A key factor is that expansionary measures would likely favor domestic production and employment. In particular, Government support funds would be focused on employment intensive activities which have been hardest hit, such as the retail trade, catering and entertainment – which have limited import needs.
Trade will also be affected by changes in production patterns. Over the last two decades the thrust for improved efficiency and productivity has driven manufacturing, as well as many service industries, towards minimizing costs.
Two key elements of this have been just in time delivery which meant firms holding minimum stocks and inventories; and outsourcing to reduce costs, which meant long supply chains. The crisis has brought to the fore the vulnerability of both these processes.
With disrupted supply chains and low stocks, firms are already finding it hard to maintain operations. As time goes on, supply shortages will become a major constraint in Europe and USA.
As firms make future investment decisions in the post-COVID world, diversifying risk is something that they will be obsessed with and this will mean a strong push to reduce dependence on suppliers in other countries.
The countries most likely to be hit hardest by the changing international trade patterns are China and India, who are major suppliers of components and services to the international markets.
However, a number of other countries, irrespective of whether they are exporters of raw materials or finished good, from Viet Nam to Bangladesh, and from Nigeria to Mexico, will suffer as a result of lower export revenues and balance of payments difficulties.
These trade problems will be exacerbated by developments on the monetary side. Falling sales and liquidity shortages are beginning to hit companies around the world. Many risk having to lay off workers or even close down completely.
Central banks everywhere are trying to push money into the system and cut interest rate. However, its impact may be limited in the USA and Europe where base interest rates are already close to zero, and further cuts may not be enough to overcome pessimistic market sentiments.
Nevertheless, banks and other lenders may maintain or expand lending as a result of Government guarantees or pressure, or a combination of the two. However, they will almost certainly curtail lending to firms in developing countries who may see even normal lines of credit being restricted and foreign direct investments drying up.
The combination of trade and monetary problems emanating from Europe and the USA will put severe strain on Governments in developing countries which are already battling with soaring medical costs, pressing demands to provide emergency assistance to the poorest sections of the population, and assistance to bail out faltering firms.
It will also put tremendous pressures on banks and firms in these countries.
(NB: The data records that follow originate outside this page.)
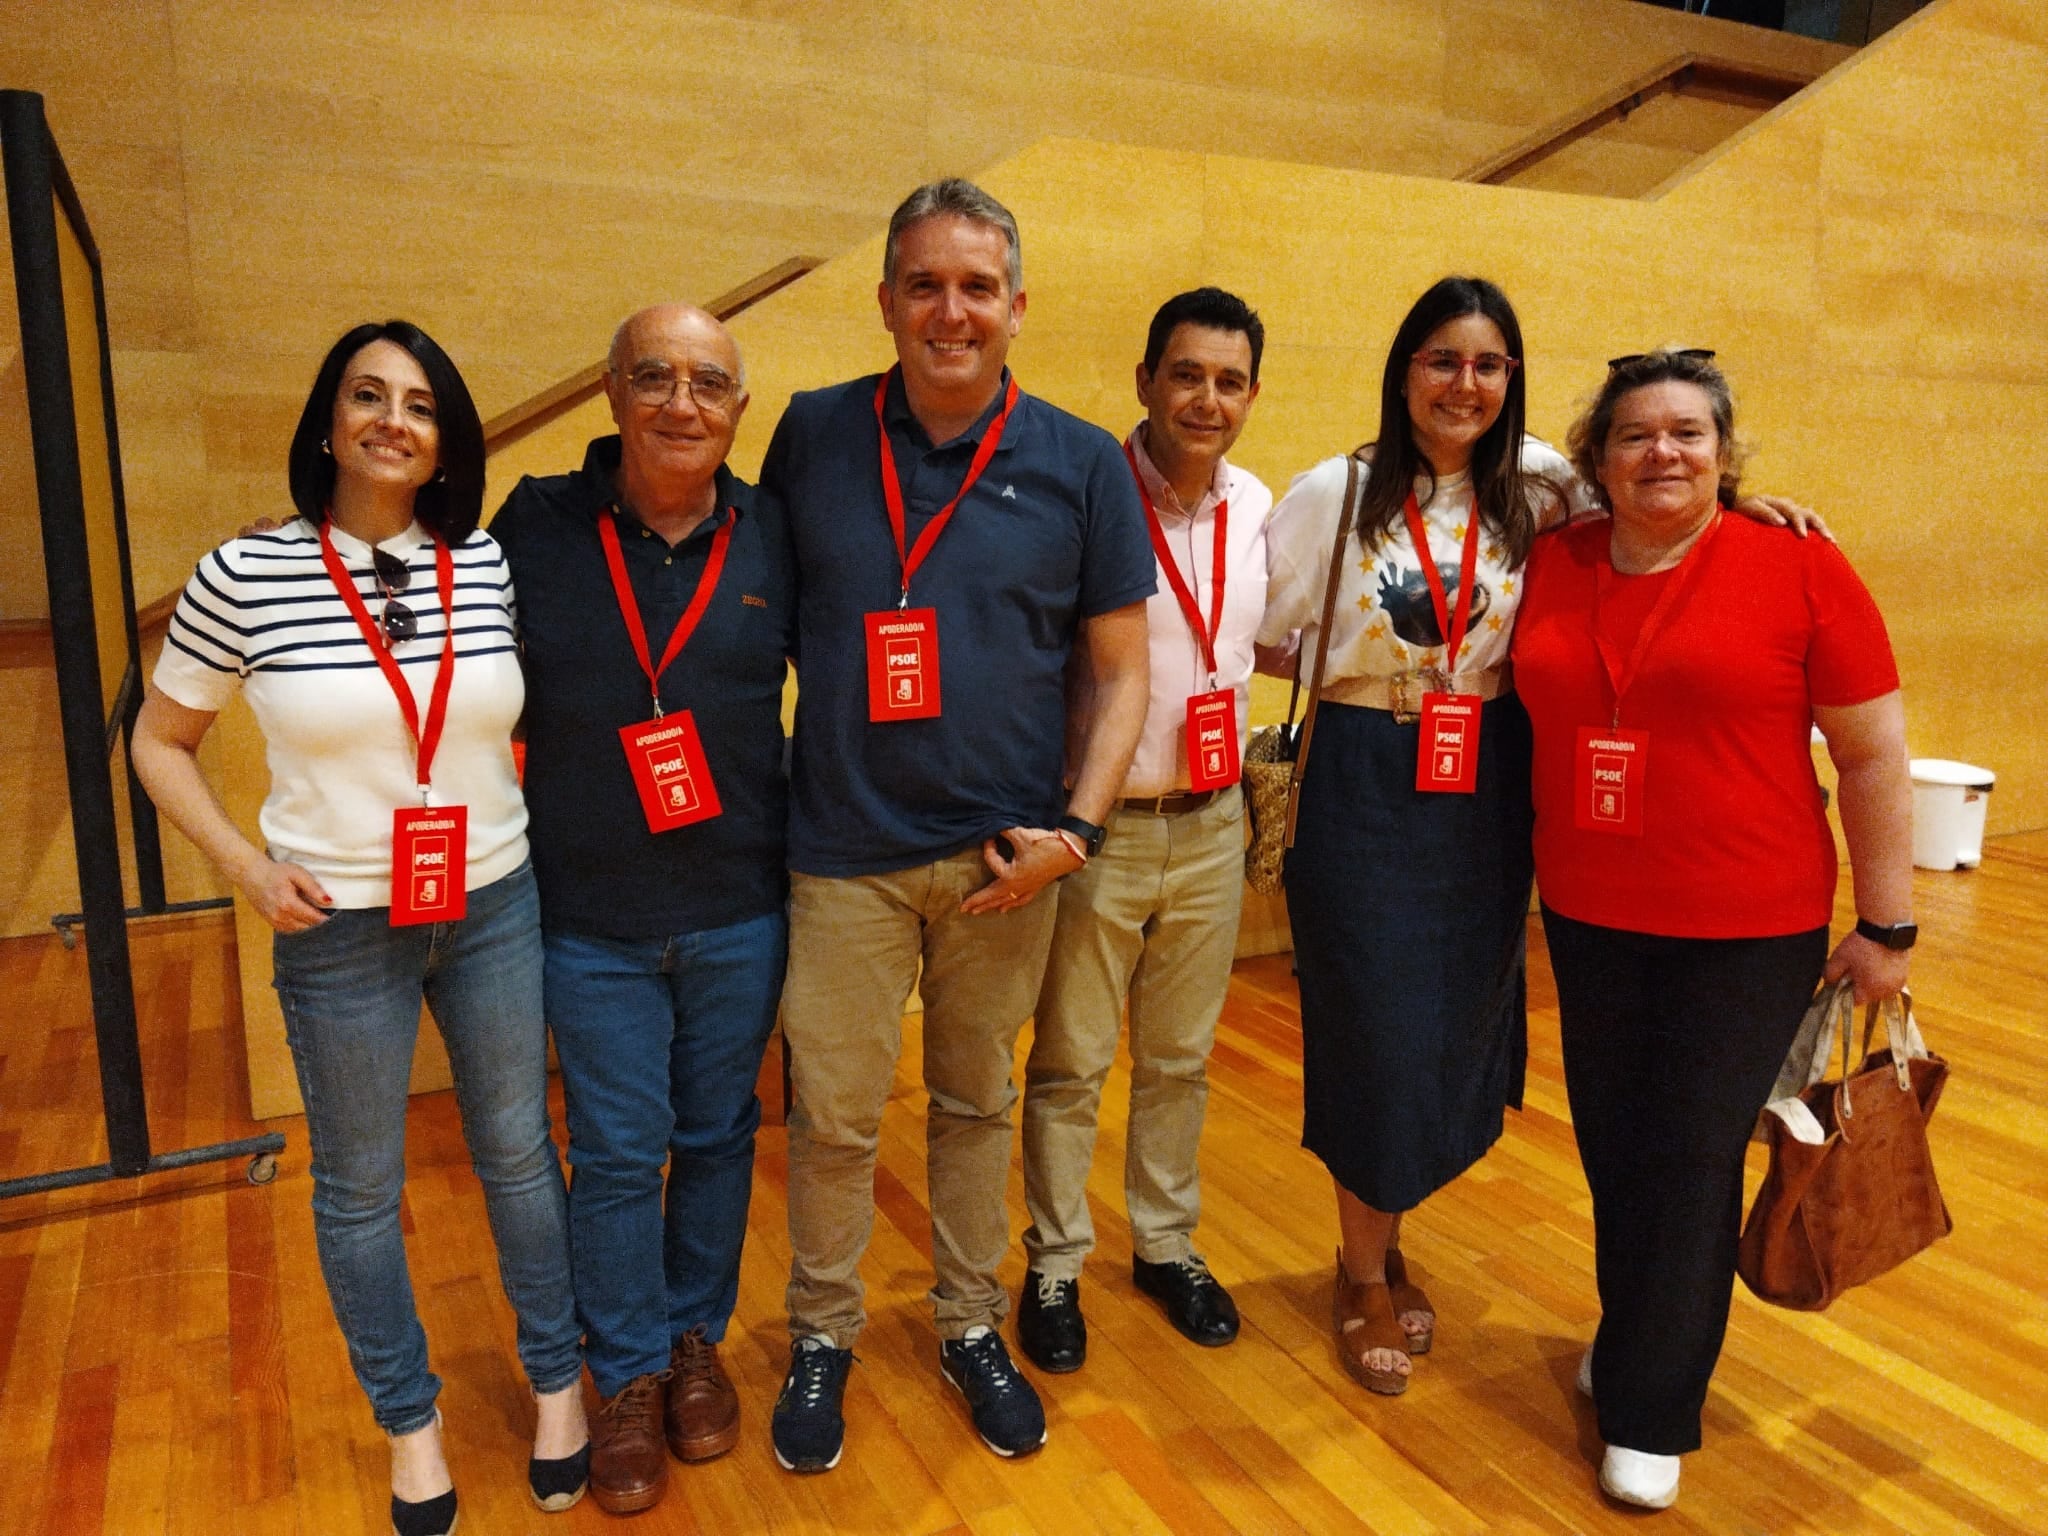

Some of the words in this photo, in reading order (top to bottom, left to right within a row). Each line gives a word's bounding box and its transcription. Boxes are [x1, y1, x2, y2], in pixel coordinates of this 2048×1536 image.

[889, 653, 918, 666] PSOE
[1201, 728, 1222, 743] PSOE
[1437, 732, 1462, 744] PSOE
[653, 758, 684, 776] PSOE
[1595, 769, 1622, 783] PSOE
[415, 852, 445, 866] PSOE
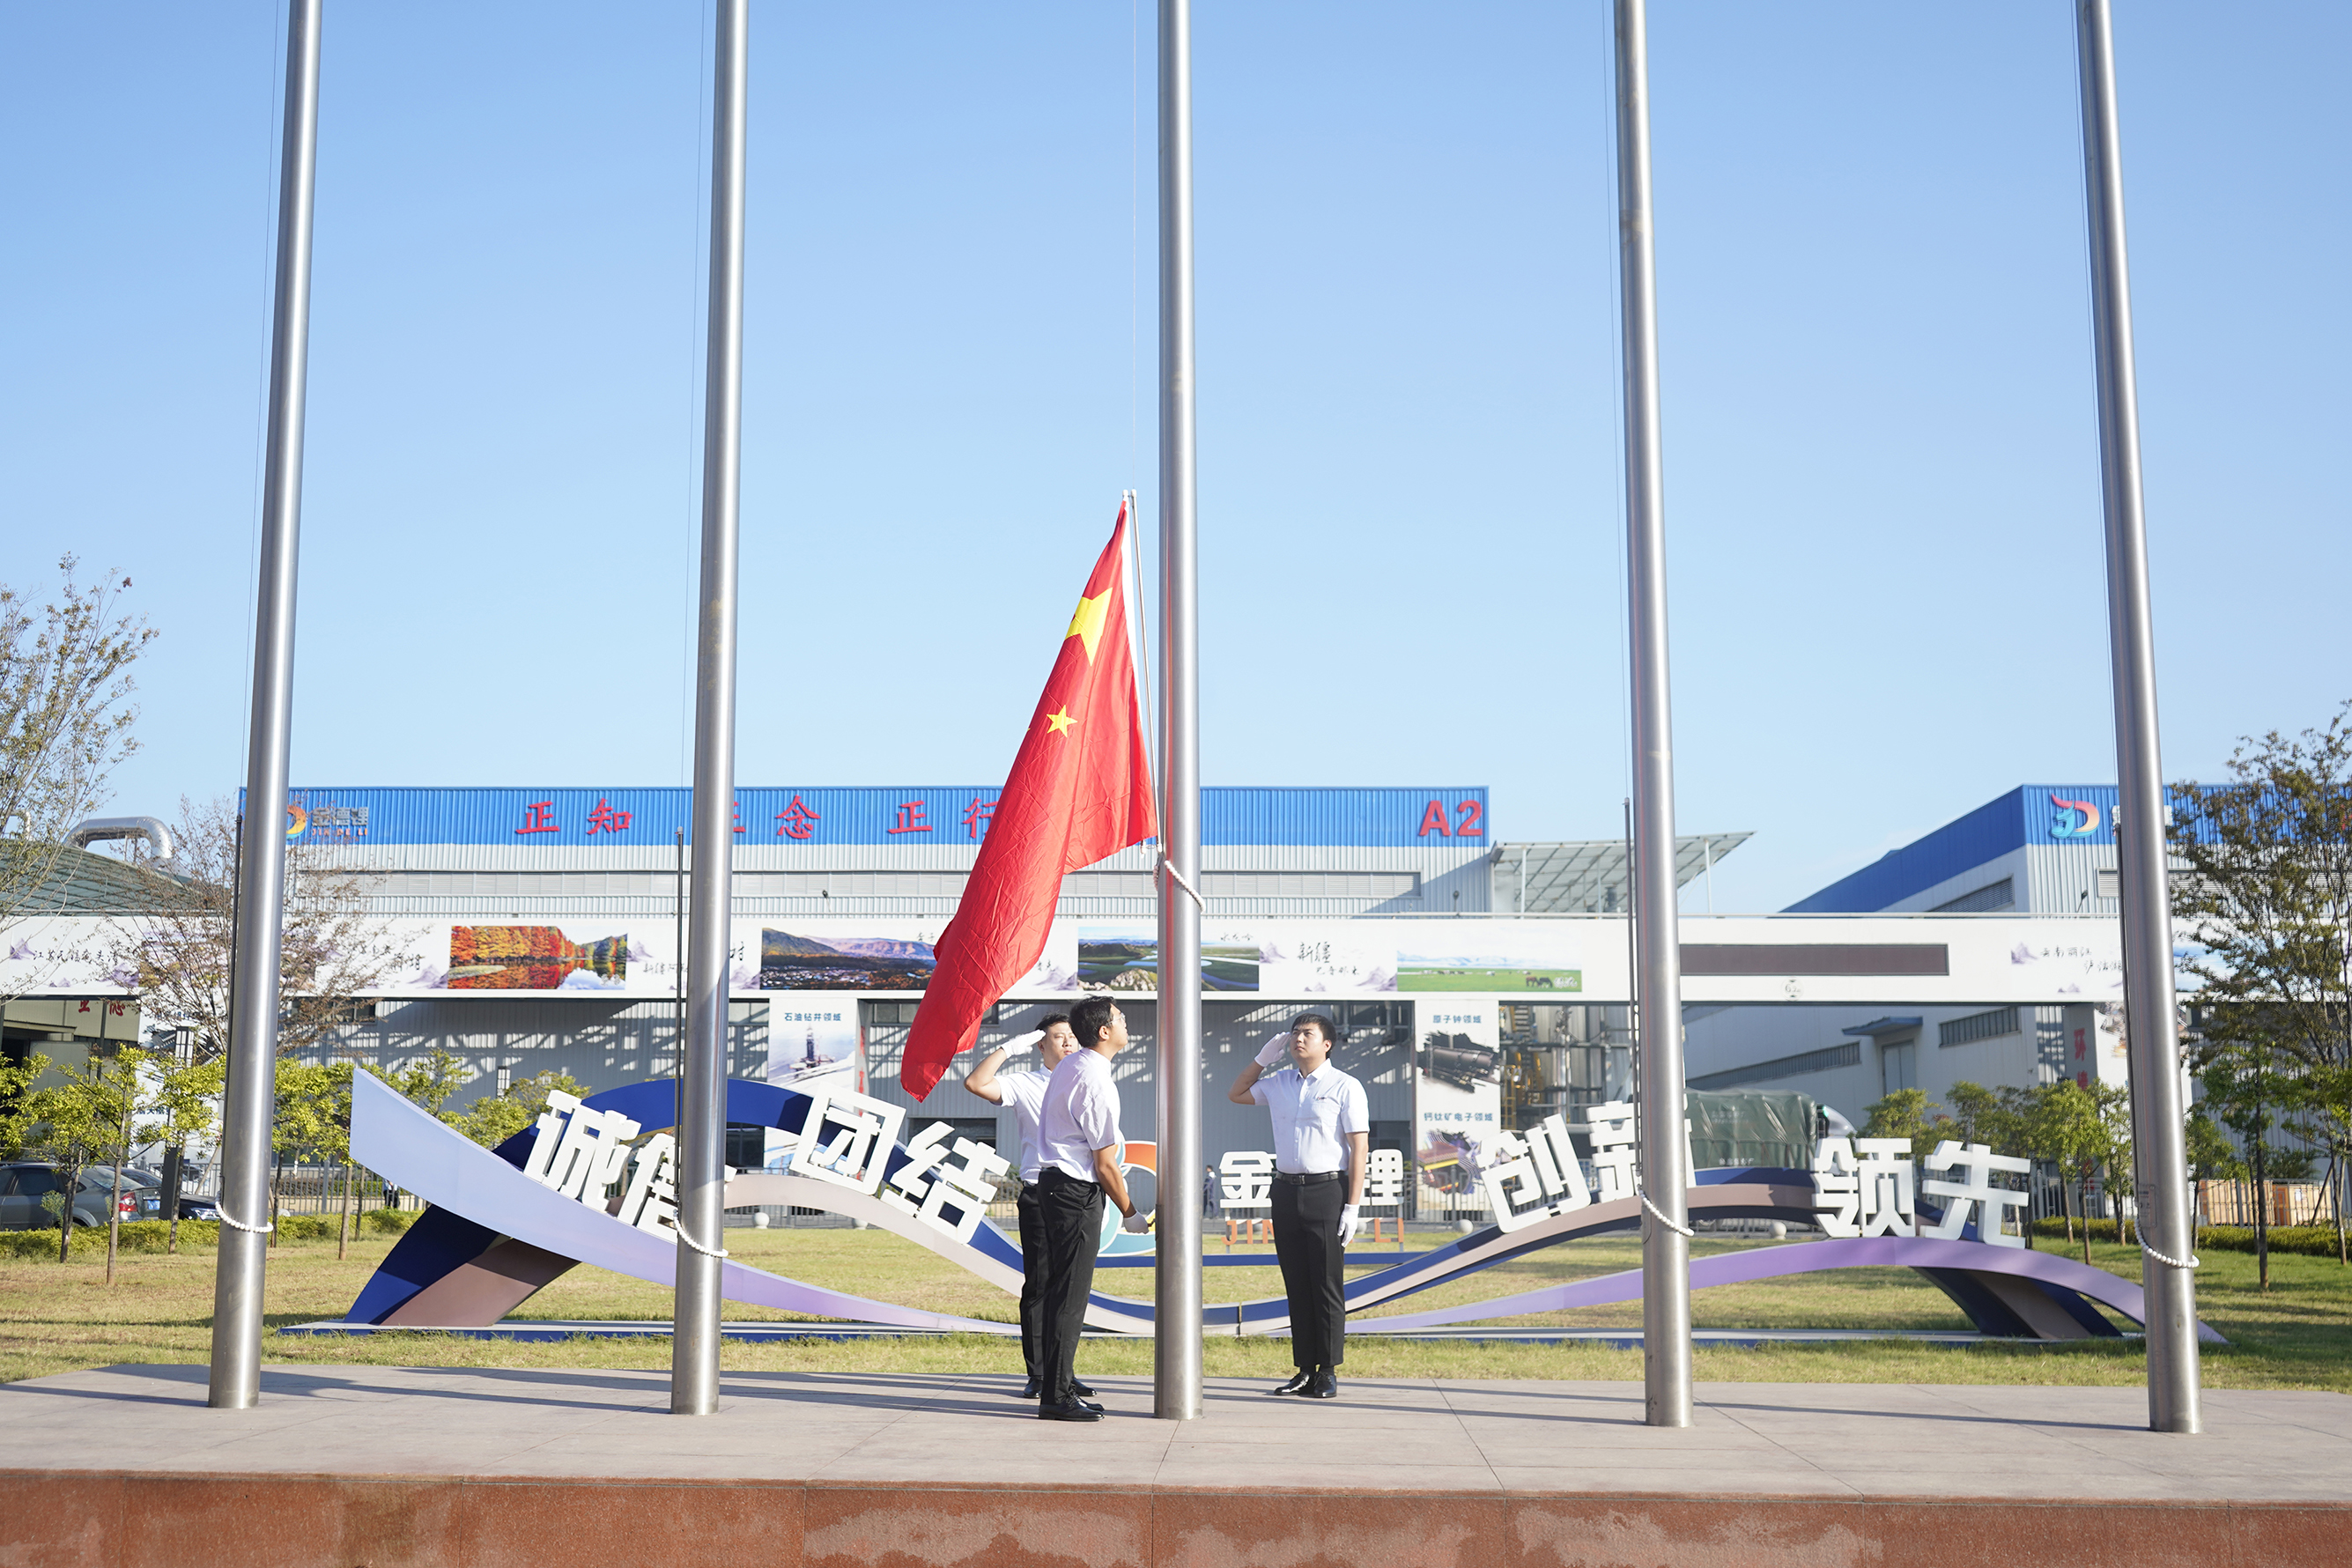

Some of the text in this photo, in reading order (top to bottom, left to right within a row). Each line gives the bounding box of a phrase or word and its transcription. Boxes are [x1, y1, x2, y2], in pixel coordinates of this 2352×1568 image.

With their backs to the wall, there is a serious risk of defaults.
External debts of developing countries, by both Government and the private sector, have risen sharply in the last decade as a result of low interest rates, high commodity prices and availability of credit due to quantitative easing by developed countries.
For middle and low-income countries external debt (excluding China) now stands at around US$6 trillion – more than the combined GDP of France and UK. The poorest countries (those with Gross National Income per capita of below US$1,175) have doubled external debt since 2008.
A World Bank report issued late last year pointed out their debt-vulnerability and stated that “with increased access to international capital markets, many low- and middle-income countries shifted away from traditional sources of financing and experienced a sharp rise in external debt, raising new concerns about sustainability”.
If, due to problems caused by the COVID-19 crisis, there is widespread defaults among poor countries this would pose serious problems for the global economy. It is therefore imperative that requests for debt forgiveness or rescheduling do not fall on deaf ears.